§ **Your assignment**:
Once the pictures are set aside, copy the data below exactly as it stands.

··· Supplied material ···

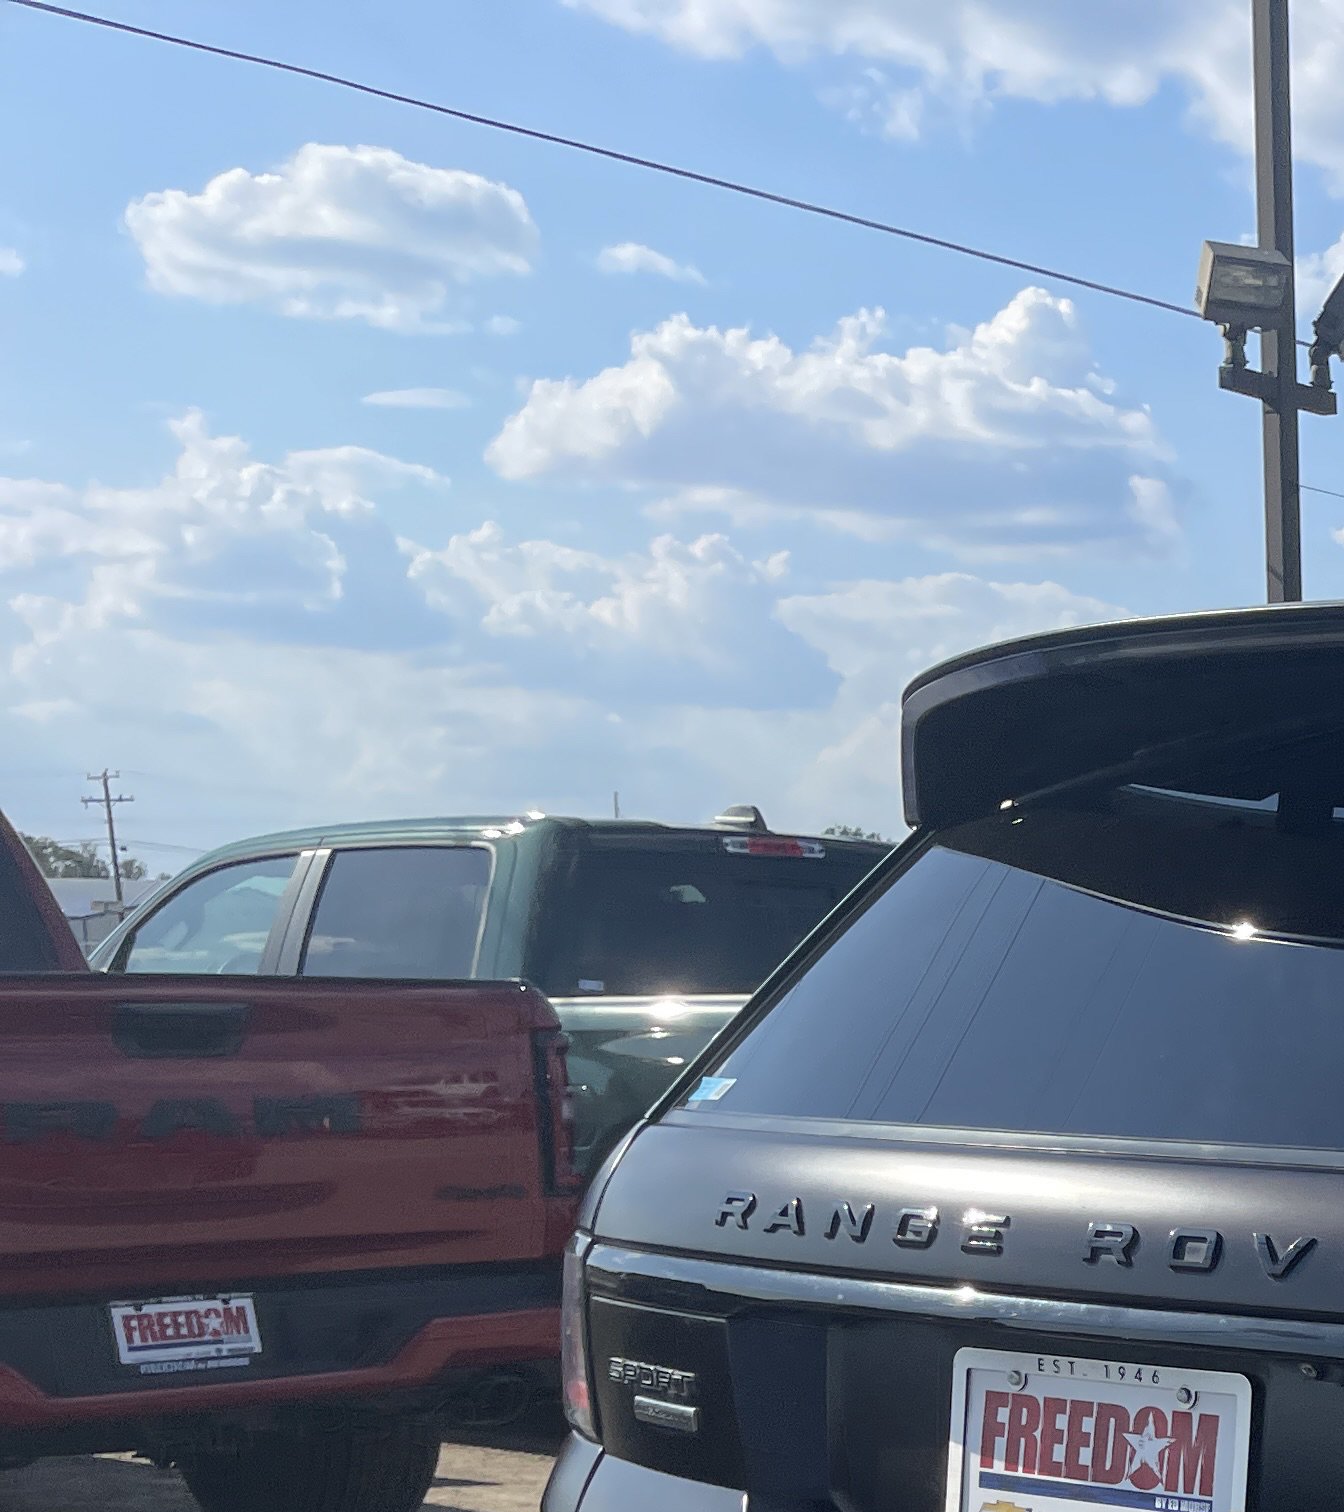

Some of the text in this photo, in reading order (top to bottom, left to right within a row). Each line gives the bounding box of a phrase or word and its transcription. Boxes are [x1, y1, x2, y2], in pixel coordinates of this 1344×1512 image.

[714, 1189, 1012, 1258] RANGE
[121, 1305, 250, 1345] FREEDOM
[608, 1356, 696, 1396] SPORT
[1037, 1357, 1160, 1385] EST. 1946
[979, 1389, 1220, 1497] FREEDOM
[1155, 1497, 1167, 1509] BY
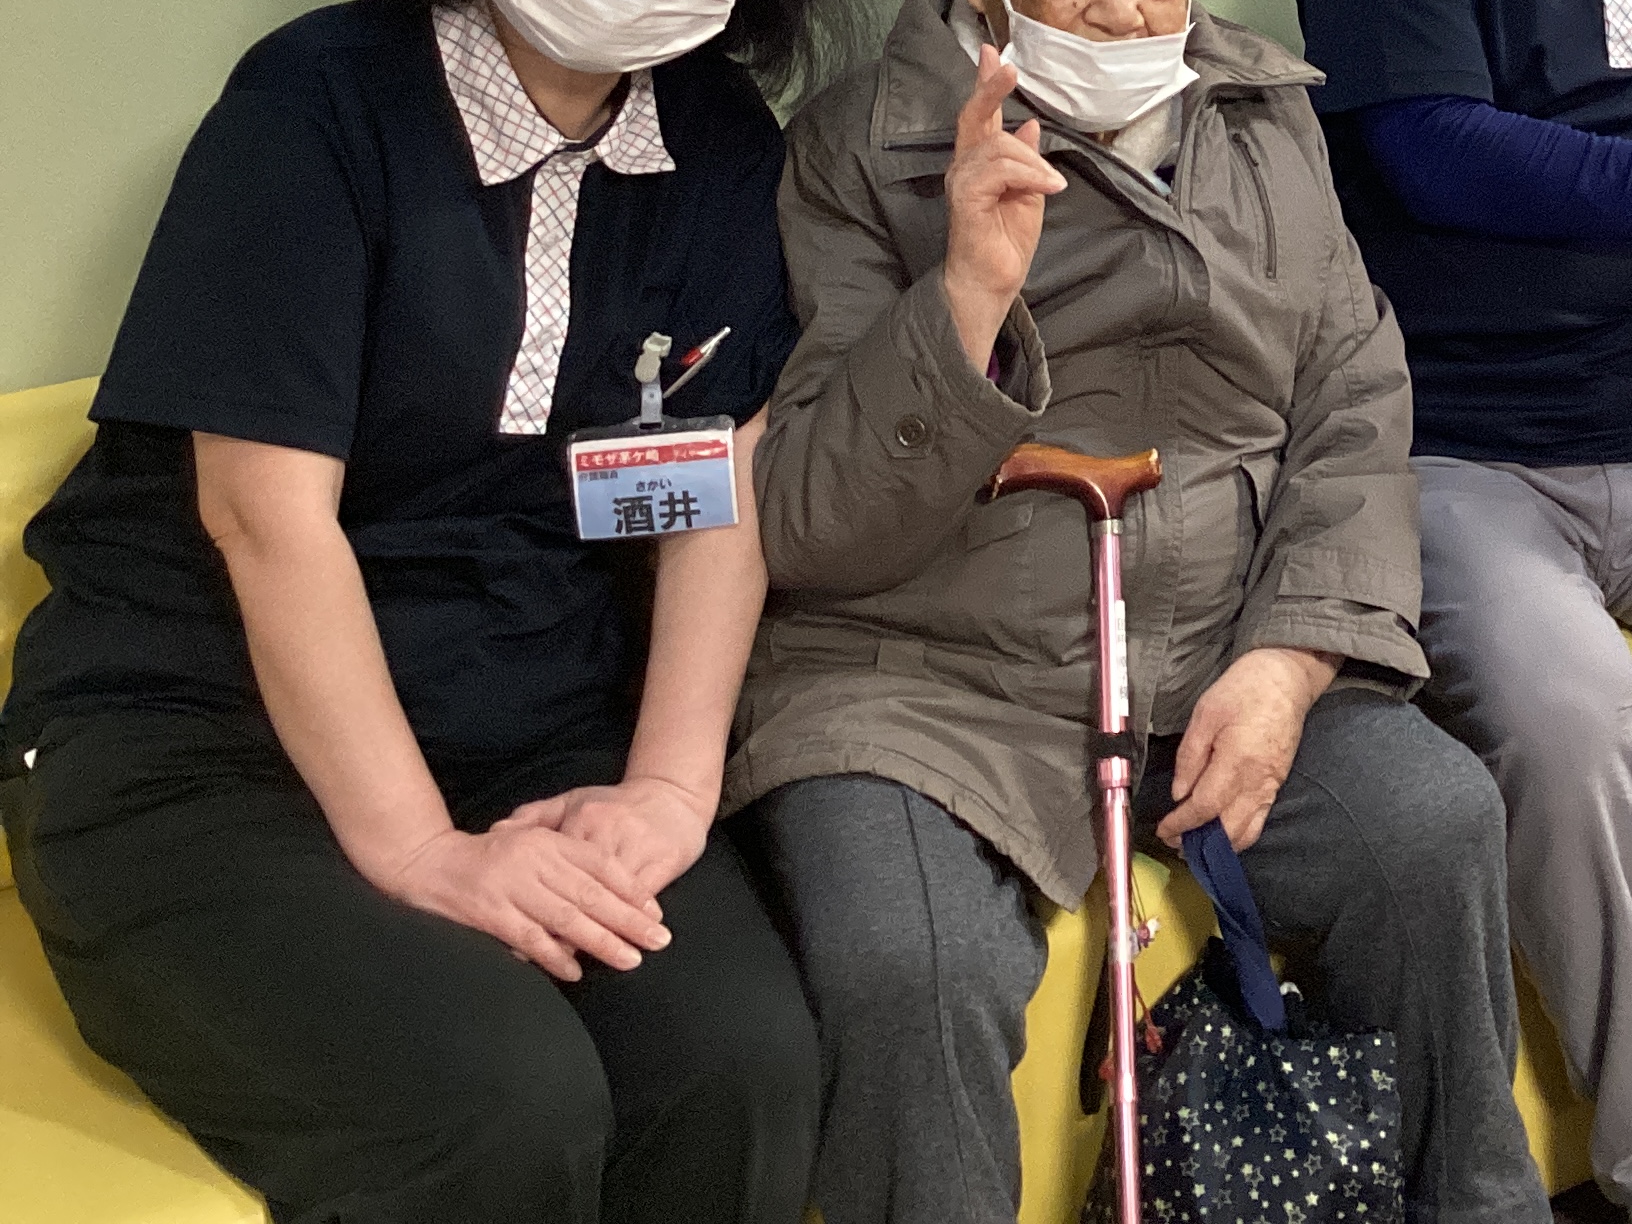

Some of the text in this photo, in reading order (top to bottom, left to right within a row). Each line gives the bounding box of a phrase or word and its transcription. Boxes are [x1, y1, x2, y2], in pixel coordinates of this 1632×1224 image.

···

§ **Task response**:
Some of the text in this photo, in reading order (top to bottom, left to right within a row). Each line gives the bounding box of a phrase or word and its transcription. Boxes are [x1, y1, x2, y2], in pixel coordinates of this 1344×1512 image.

[714, 1189, 1012, 1258] RANGE
[121, 1305, 250, 1345] FREEDOM
[608, 1356, 696, 1396] SPORT
[1037, 1357, 1160, 1385] EST. 1946
[979, 1389, 1220, 1497] FREEDOM
[1155, 1497, 1167, 1509] BY

Some of the text in this photo, in reading order (top to bottom, left to right within a row). Each line gives the bounding box of a phrase or word and its transcription. Boxes are [x1, y1, x2, y2], in pixel coordinates of this 1632×1224 image.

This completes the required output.